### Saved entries
Content starts
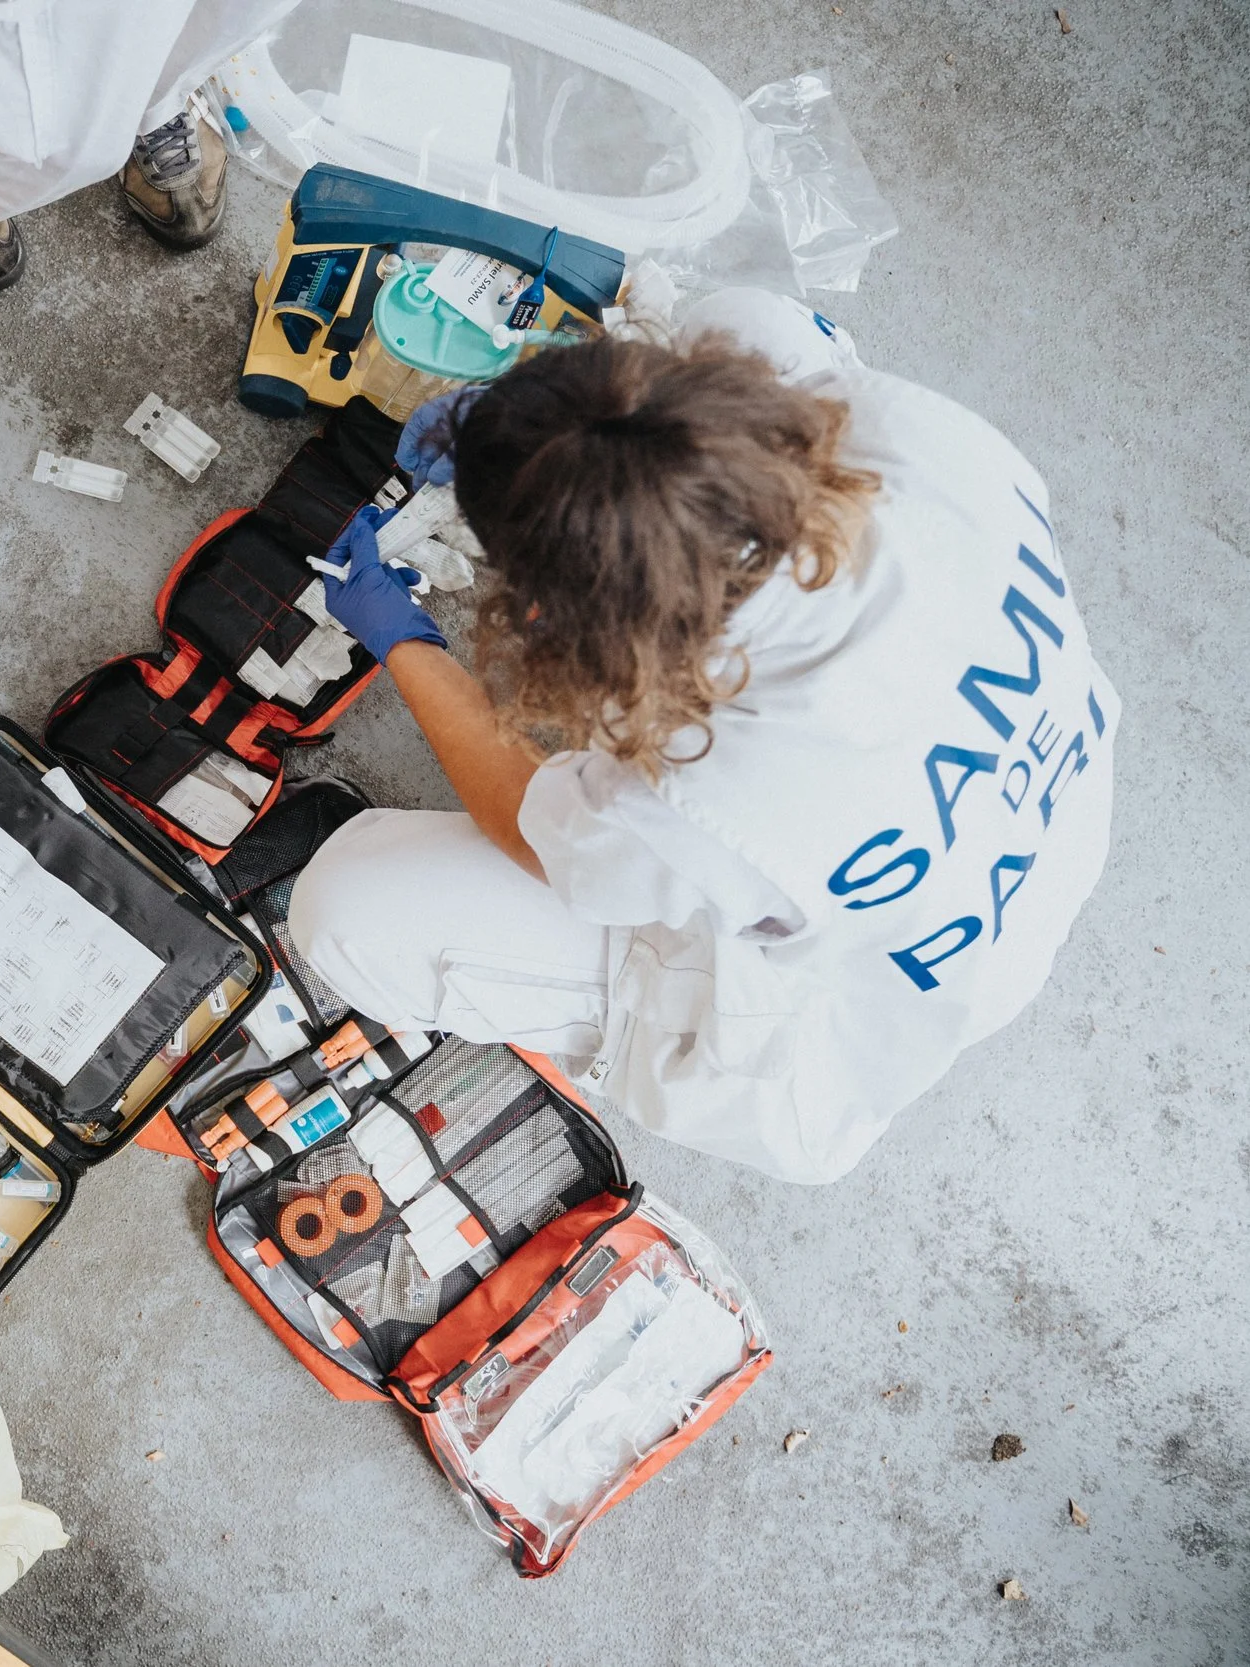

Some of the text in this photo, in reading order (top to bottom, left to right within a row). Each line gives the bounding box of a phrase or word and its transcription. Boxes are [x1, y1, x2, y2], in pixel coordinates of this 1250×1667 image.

[466, 277, 491, 305] SAMU
[828, 484, 1066, 910] SAMU
[1001, 709, 1062, 814] DE
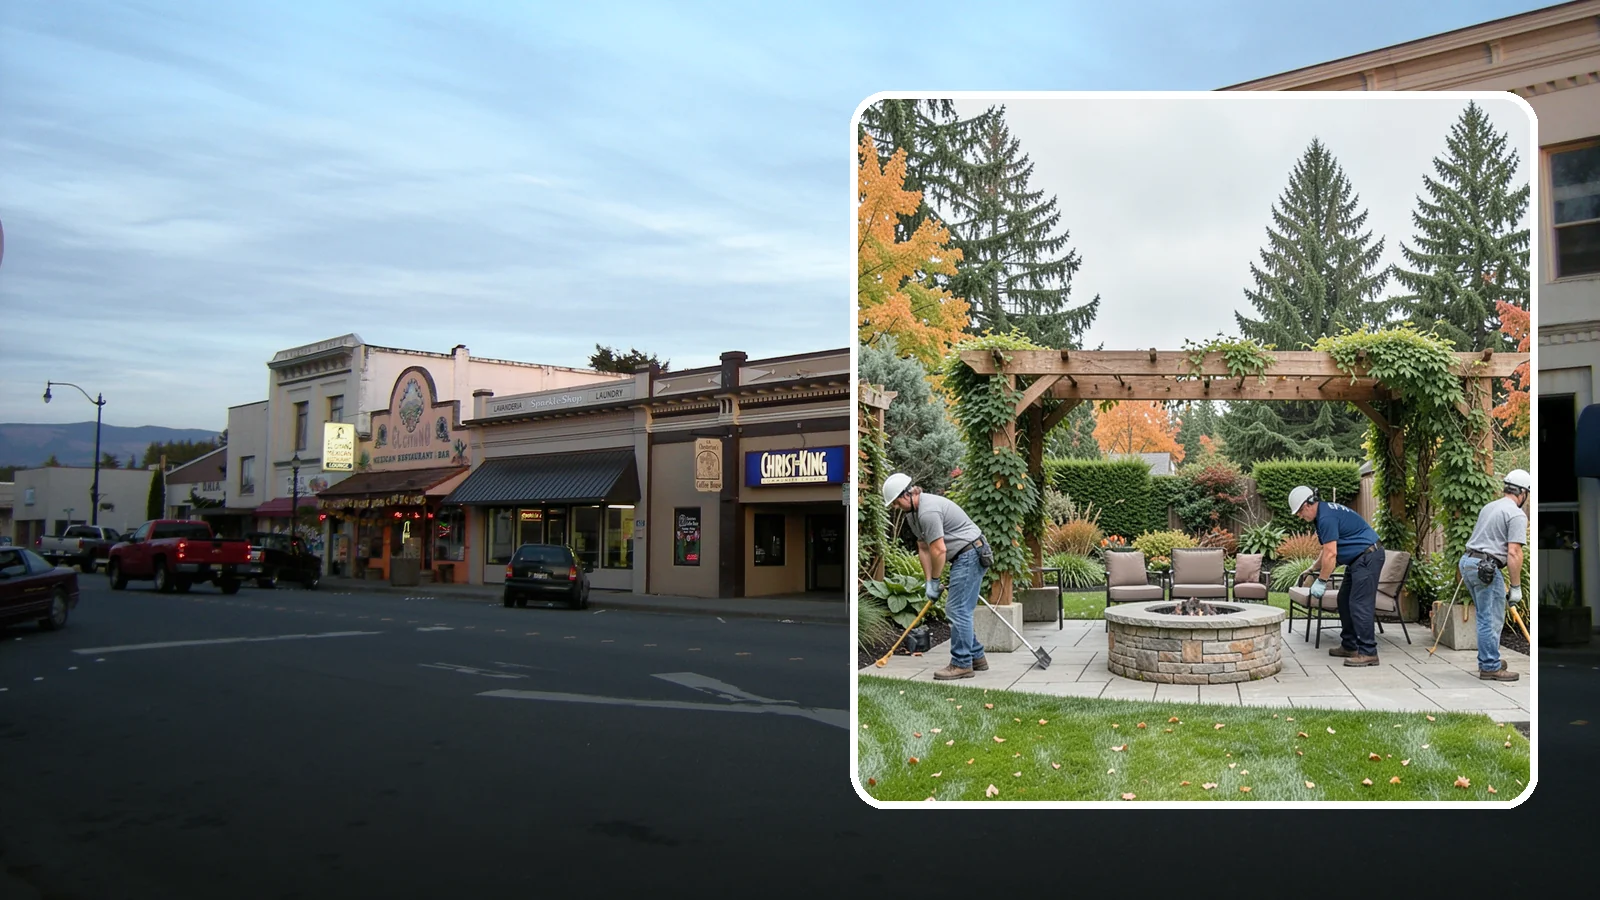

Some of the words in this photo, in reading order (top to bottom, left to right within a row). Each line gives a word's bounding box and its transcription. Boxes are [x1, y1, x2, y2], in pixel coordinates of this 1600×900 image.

[530, 398, 561, 408] Sparkle
[561, 394, 582, 407] Shop
[595, 389, 623, 399] LAUNDRY
[494, 402, 523, 412] LAVANDERIA
[374, 456, 396, 464] MEXICAN
[397, 452, 433, 462] RESTAURANT
[438, 450, 450, 459] BAR
[761, 452, 796, 477] CHRIST
[799, 450, 827, 476] KING
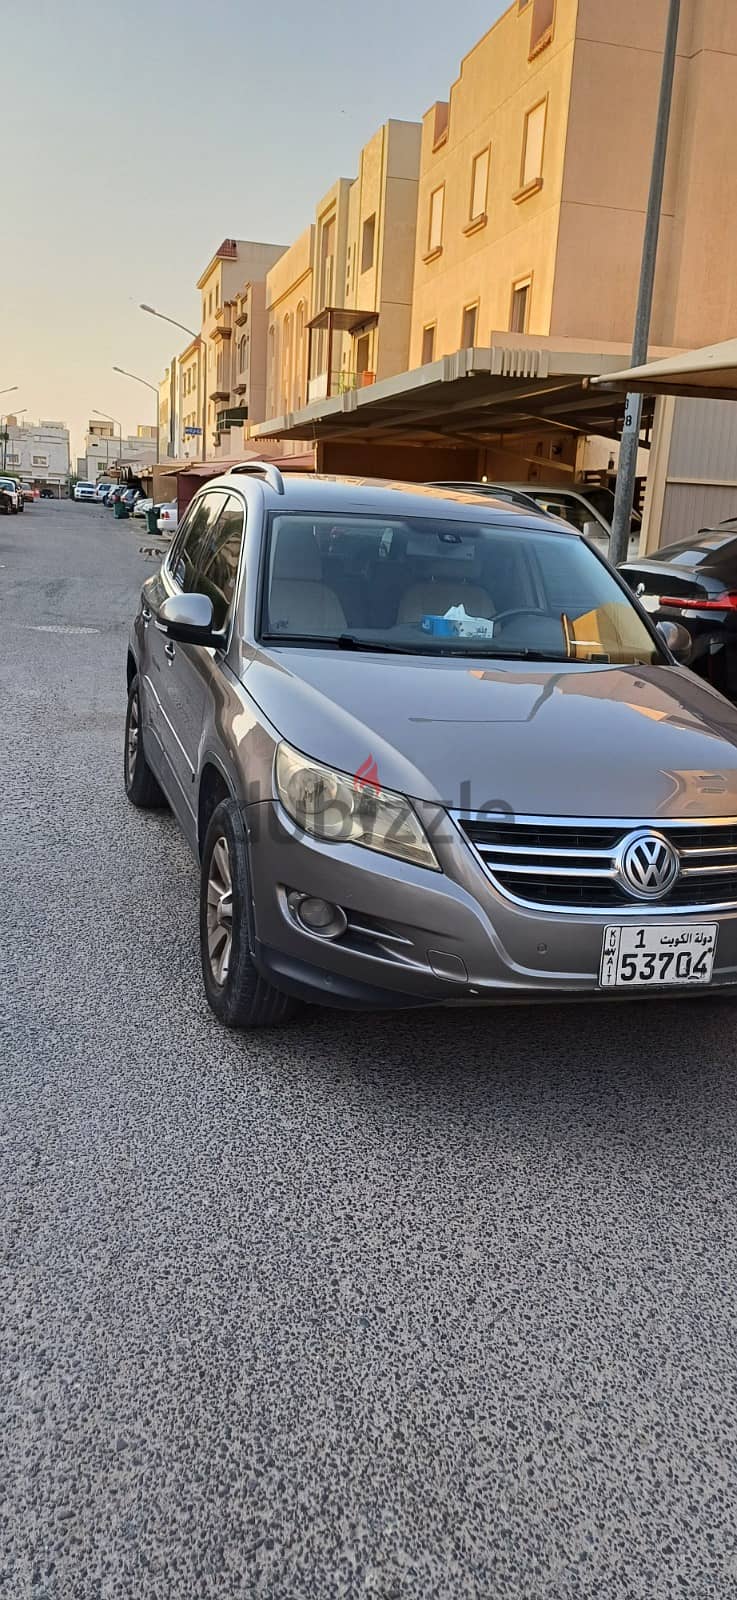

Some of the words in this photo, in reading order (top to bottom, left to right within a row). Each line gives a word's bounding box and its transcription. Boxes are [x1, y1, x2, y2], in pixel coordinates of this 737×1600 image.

[634, 929, 646, 949] 1
[659, 932, 693, 948] الكويت
[694, 931, 713, 946] دولة
[605, 929, 617, 984] KUWAIT
[620, 948, 712, 981] 53704
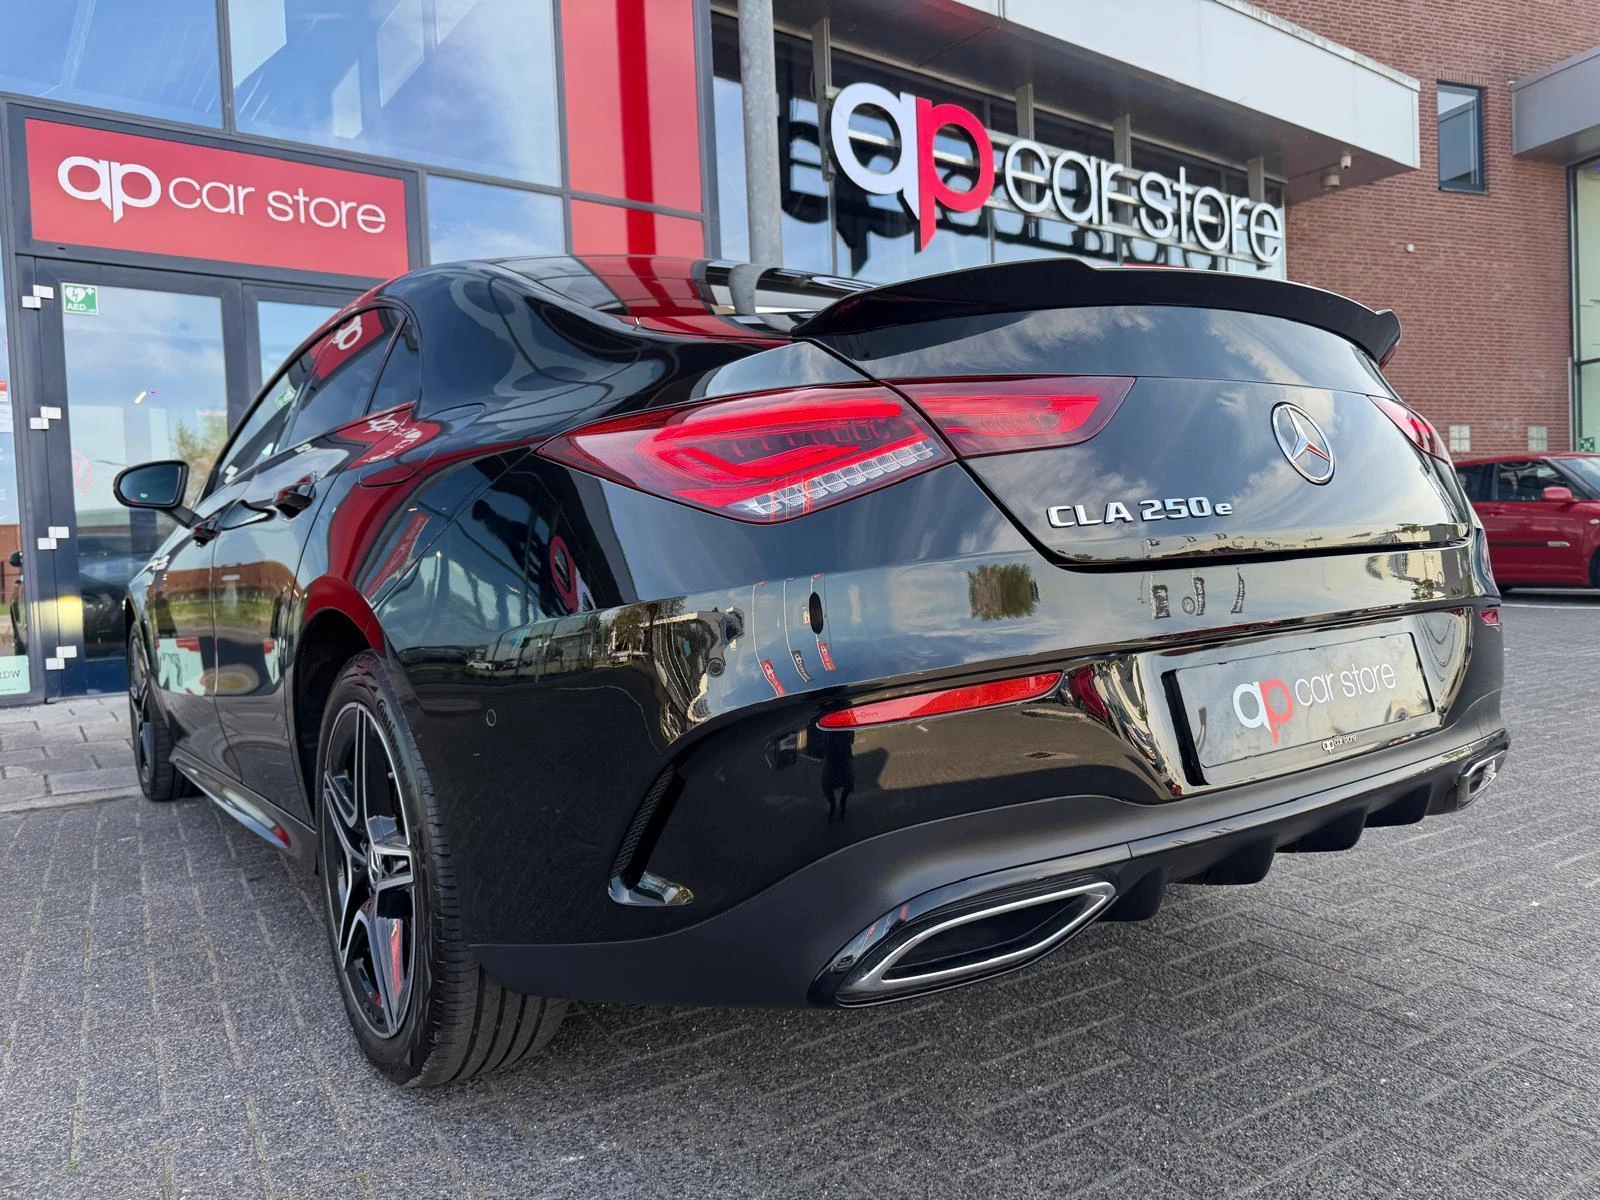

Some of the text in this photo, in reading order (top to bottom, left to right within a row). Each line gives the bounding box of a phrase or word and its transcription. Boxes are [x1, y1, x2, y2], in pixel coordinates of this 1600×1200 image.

[57, 156, 387, 234] ap car store
[831, 82, 1283, 263] ap car store
[66, 302, 87, 312] AED
[1047, 501, 1134, 528] CLA
[1232, 663, 1397, 748] ap car store
Content ends
### Exercise
What you return must be every entry, word for word, without any pictures.

### Completed exercise
Some of the text in this photo, in reading order (top to bottom, left to right within a row). Each line gives the bounding box of a phrase or word and its transcription. Boxes are [x1, y1, x2, y2], in pixel coordinates of this 1250×1667 image.

[466, 277, 491, 305] SAMU
[828, 484, 1066, 910] SAMU
[1001, 709, 1062, 814] DE

Some of the words in this photo, in reading order (top to bottom, left to right within a row). Each line gives a word's bounding box and its transcription. Boxes are [x1, y1, x2, y2], in pixel coordinates of this 1600×900 image.

[530, 398, 561, 408] Sparkle
[561, 394, 582, 407] Shop
[595, 389, 623, 399] LAUNDRY
[494, 402, 523, 412] LAVANDERIA
[374, 456, 396, 464] MEXICAN
[397, 452, 433, 462] RESTAURANT
[438, 450, 450, 459] BAR
[761, 452, 796, 477] CHRIST
[799, 450, 827, 476] KING

Some of the words in this photo, in reading order (top to bottom, left to right within a row). Each line gives a word's bounding box and its transcription. Boxes are [x1, y1, x2, y2], in pixel coordinates of this 737×1600 image.

[634, 929, 646, 949] 1
[659, 932, 693, 948] الكويت
[694, 931, 713, 946] دولة
[605, 929, 617, 984] KUWAIT
[620, 948, 712, 981] 53704

Some of the text in this photo, in reading order (top to bottom, left to right within a row). Each line gives the bounding box of a phrase or word and its transcription. Boxes are [x1, y1, x2, y2], in pixel coordinates of this 1600×1200 image.

[57, 156, 387, 234] ap car store
[831, 82, 1283, 263] ap car store
[66, 302, 87, 312] AED
[1047, 501, 1134, 528] CLA
[1232, 663, 1397, 748] ap car store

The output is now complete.